BMC Microbiology (Mar 2024)
Structure predictions and functional insights into Amidase_3 domain containing N-acetylmuramyl-L-alanine amidases from Deinococcus indicus DR1
Abstract
Abstract Background N-acetylmuramyl-L-alanine amidases are cell wall modifying enzymes that cleave the amide bond between the sugar residues and stem peptide in peptidoglycan. Amidases play a vital role in septal cell wall cleavage and help separate daughter cells during cell division.
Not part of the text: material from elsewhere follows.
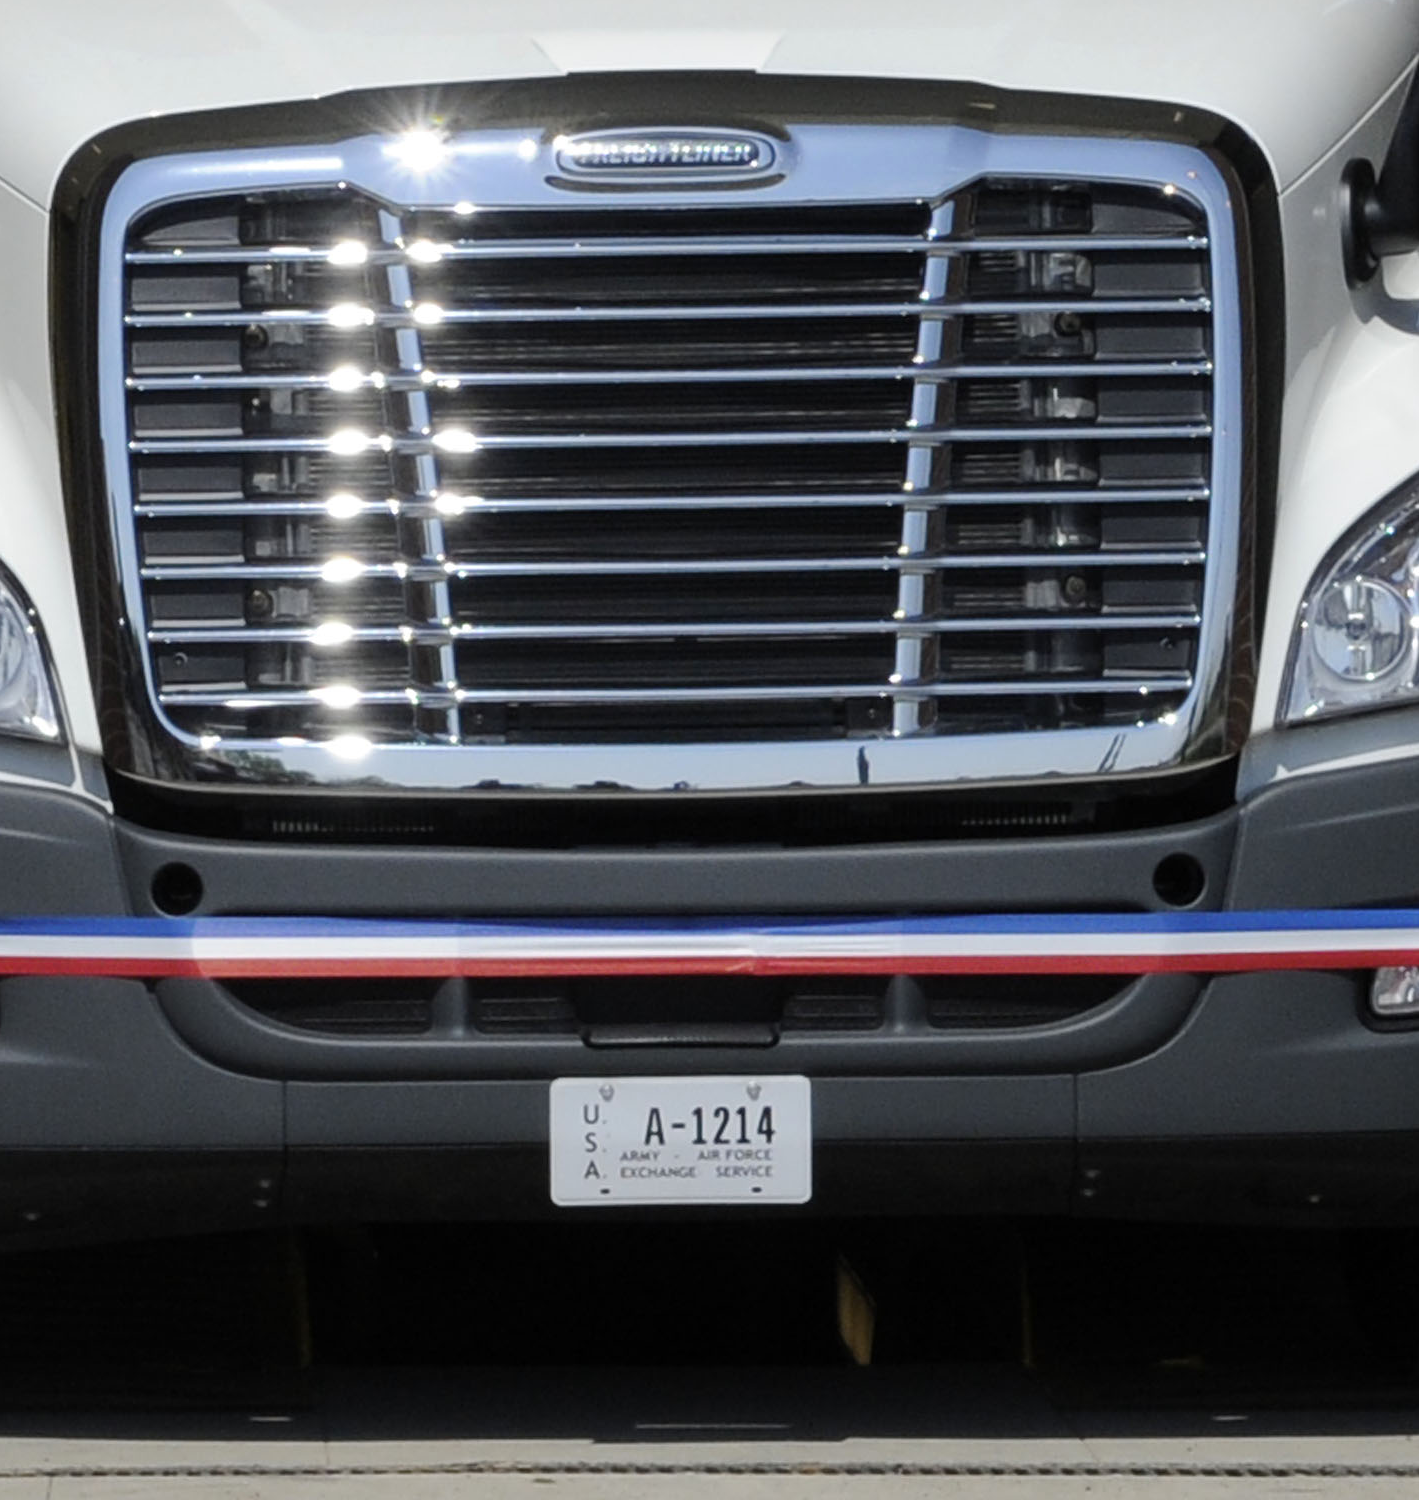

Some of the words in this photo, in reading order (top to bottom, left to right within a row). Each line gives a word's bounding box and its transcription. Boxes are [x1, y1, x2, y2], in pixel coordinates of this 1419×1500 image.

Most amidases are zinc metalloenzymes, and E. coli cells lacking amidases grow as chains with daughter cells attached to each other. In this study, we have characterized two amidase enzymes from Deinococcus indicus DR1. D. indicus DR1 is known for its high arsenic tolerance and unique cell envelope. However, details of their cell wall biogenesis remain largely unexplored. Results We have characterized two amidases Ami1 Di and Ami2 Di from D. indicus DR1. Both Ami1 Di and Ami2 Di suppress cell separation defects in E. coli amidase mutants, suggesting that these enzymes are able to cleave septal cell wall. Ami1 Di and Ami2 Di proteins possess the Amidase_3 catalytic domain with conserved –GHGG- motif and Zn2+ binding sites. Zn2+- binding in Ami1 Di is crucial for amidase activity. AlphaFold2 structures of both Ami1 Di and Ami2 Di were predicted, and Ami1 Di was a closer homolog to AmiA of E. coli. Conclusion Our results indicate that Ami1 Di and Ami2 Di enzymes can cleave peptidoglycan, and structural prediction studies revealed insights into the activity and regulation of these enzymes in D. indicus DR1.